Start of Data for processing
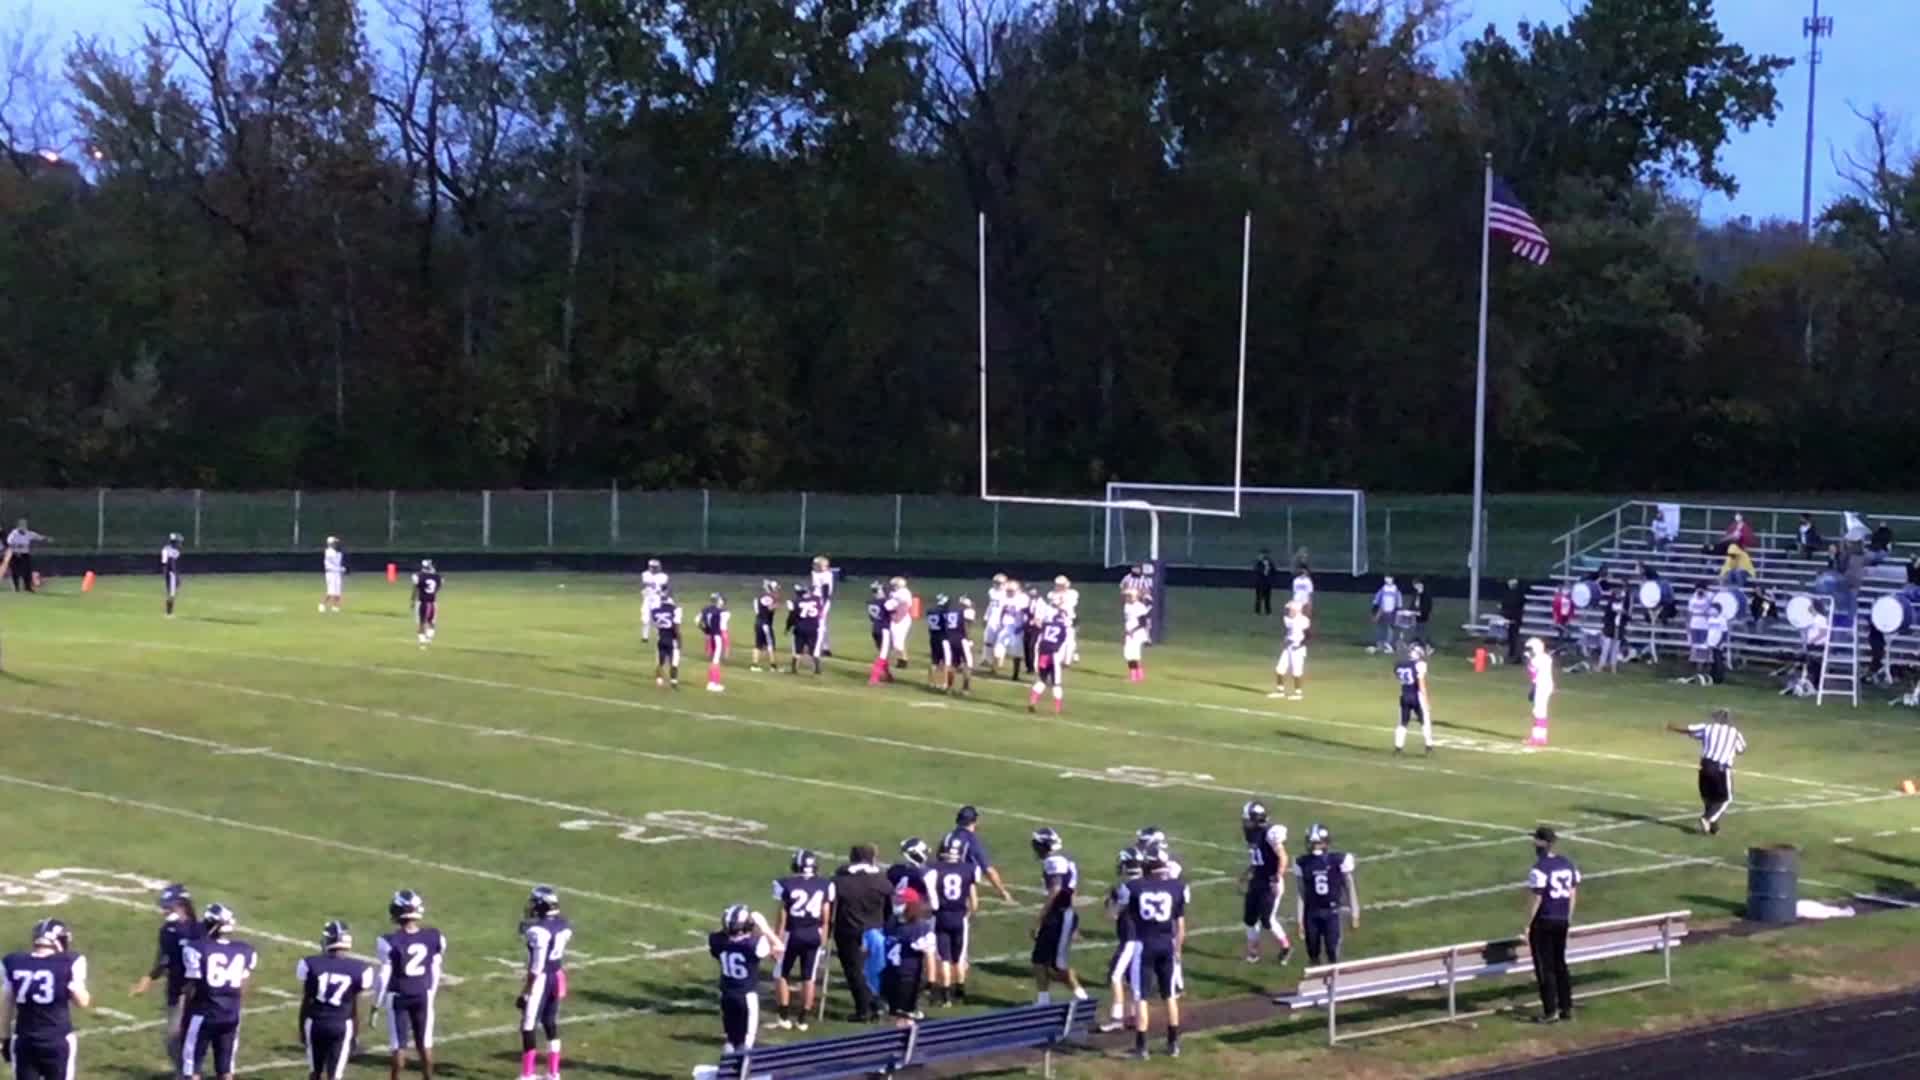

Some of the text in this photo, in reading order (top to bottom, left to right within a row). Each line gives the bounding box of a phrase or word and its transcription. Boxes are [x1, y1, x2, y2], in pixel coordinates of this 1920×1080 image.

[1043, 625, 1061, 643] 12
[942, 873, 963, 901] 8
[1314, 874, 1329, 895] 6
[1549, 869, 1572, 899] 53
[789, 889, 824, 918] 24
[1139, 891, 1173, 922] 63
[206, 952, 246, 988] 64
[405, 942, 428, 977] 2
[719, 950, 748, 980] 16
[12, 969, 55, 1005] 73
[317, 971, 352, 1007] 17
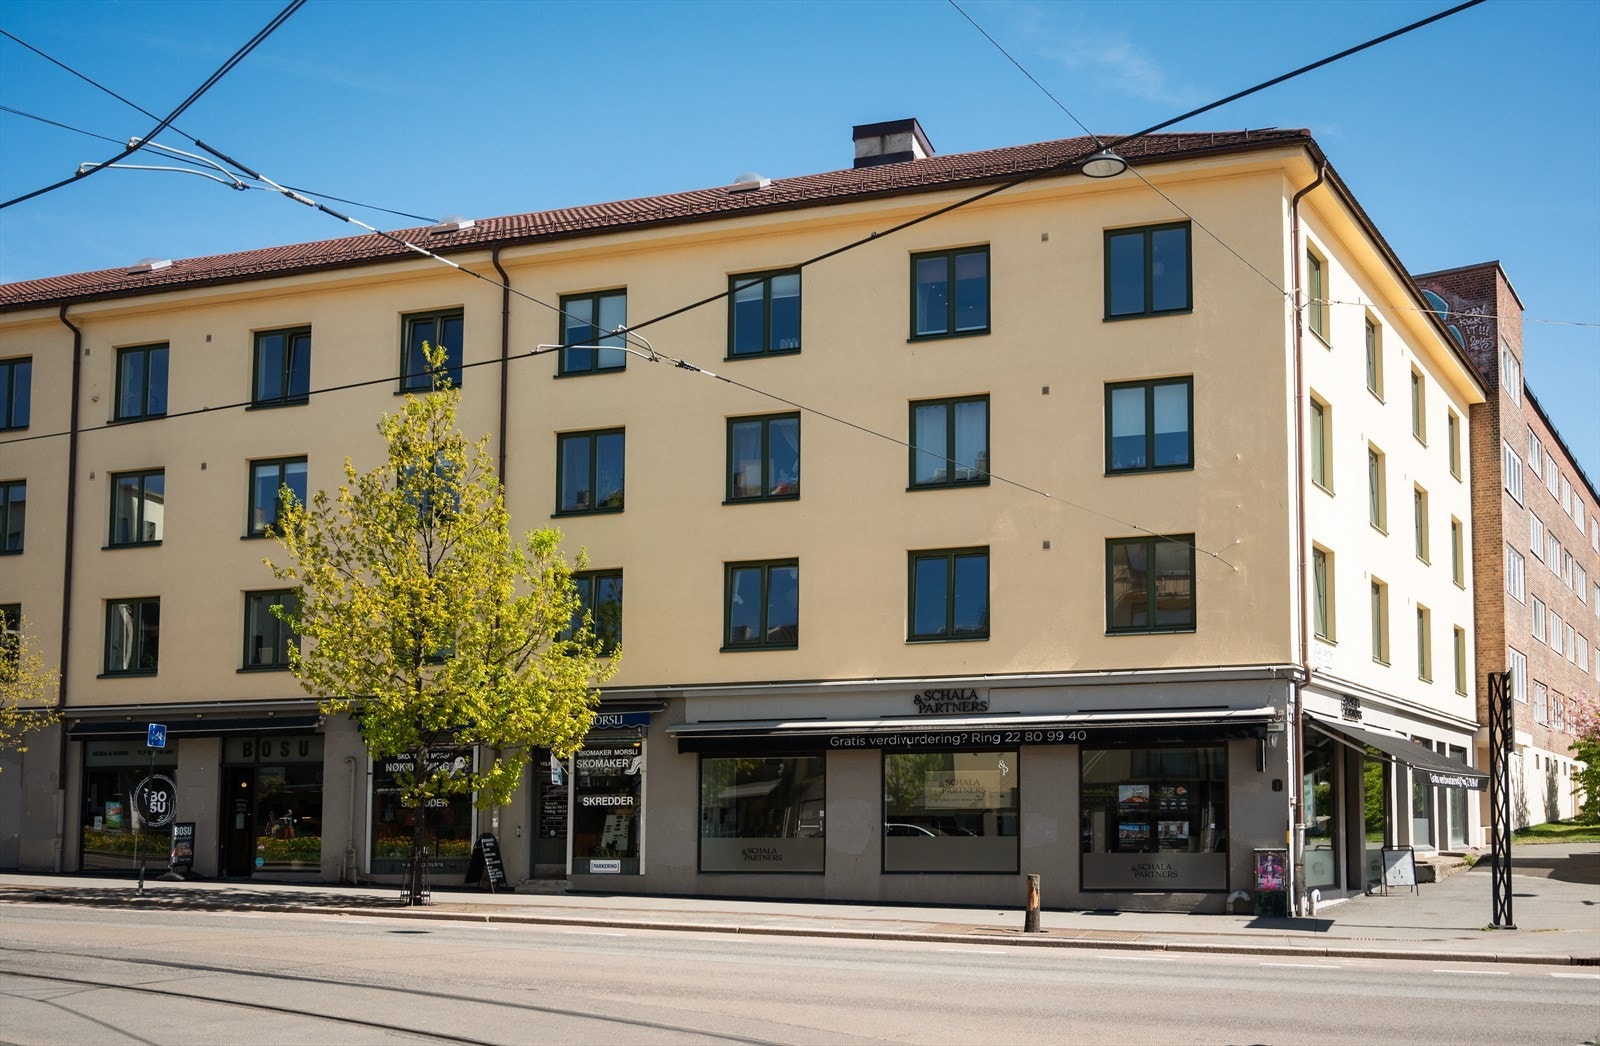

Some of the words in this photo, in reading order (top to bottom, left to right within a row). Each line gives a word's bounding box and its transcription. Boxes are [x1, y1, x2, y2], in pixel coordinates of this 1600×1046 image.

[923, 688, 979, 701] SCHALA
[918, 701, 988, 713] PARTNERS
[830, 736, 866, 746] Gratis
[869, 733, 968, 746] verdivurdering?
[971, 732, 1000, 744] Ring
[1004, 732, 1020, 742] 22
[1024, 731, 1042, 741] 80
[1047, 730, 1064, 741] 99
[1068, 730, 1087, 741] 40
[243, 741, 309, 758] BOSU
[576, 759, 629, 768] SKOMAKER
[942, 786, 986, 794] PARTNERS
[583, 796, 634, 806] SKREDDER
[174, 826, 192, 836] BOSU
[1134, 870, 1178, 878] PARTNERS
End of Data for processing
**Work instruction:** Each record has to be set down verbatim, and the pictures must not appear in the copy.

**Reply to the task:**
Some of the text in this photo, in reading order (top to bottom, left to right within a row). Each line gives the bounding box of a phrase or word and its transcription. Boxes are [x1, y1, x2, y2], in pixel coordinates of this 1920×1080 image.

[1043, 625, 1061, 643] 12
[942, 873, 963, 901] 8
[1314, 874, 1329, 895] 6
[1549, 869, 1572, 899] 53
[789, 889, 824, 918] 24
[1139, 891, 1173, 922] 63
[206, 952, 246, 988] 64
[405, 942, 428, 977] 2
[719, 950, 748, 980] 16
[12, 969, 55, 1005] 73
[317, 971, 352, 1007] 17

Some of the words in this photo, in reading order (top to bottom, left to right within a row). Each line gives a word's bounding box and its transcription. Boxes are [x1, y1, x2, y2], in pixel coordinates of this 1600×1046 image.

[923, 688, 979, 701] SCHALA
[918, 701, 988, 713] PARTNERS
[830, 736, 866, 746] Gratis
[869, 733, 968, 746] verdivurdering?
[971, 732, 1000, 744] Ring
[1004, 732, 1020, 742] 22
[1024, 731, 1042, 741] 80
[1047, 730, 1064, 741] 99
[1068, 730, 1087, 741] 40
[243, 741, 309, 758] BOSU
[576, 759, 629, 768] SKOMAKER
[942, 786, 986, 794] PARTNERS
[583, 796, 634, 806] SKREDDER
[174, 826, 192, 836] BOSU
[1134, 870, 1178, 878] PARTNERS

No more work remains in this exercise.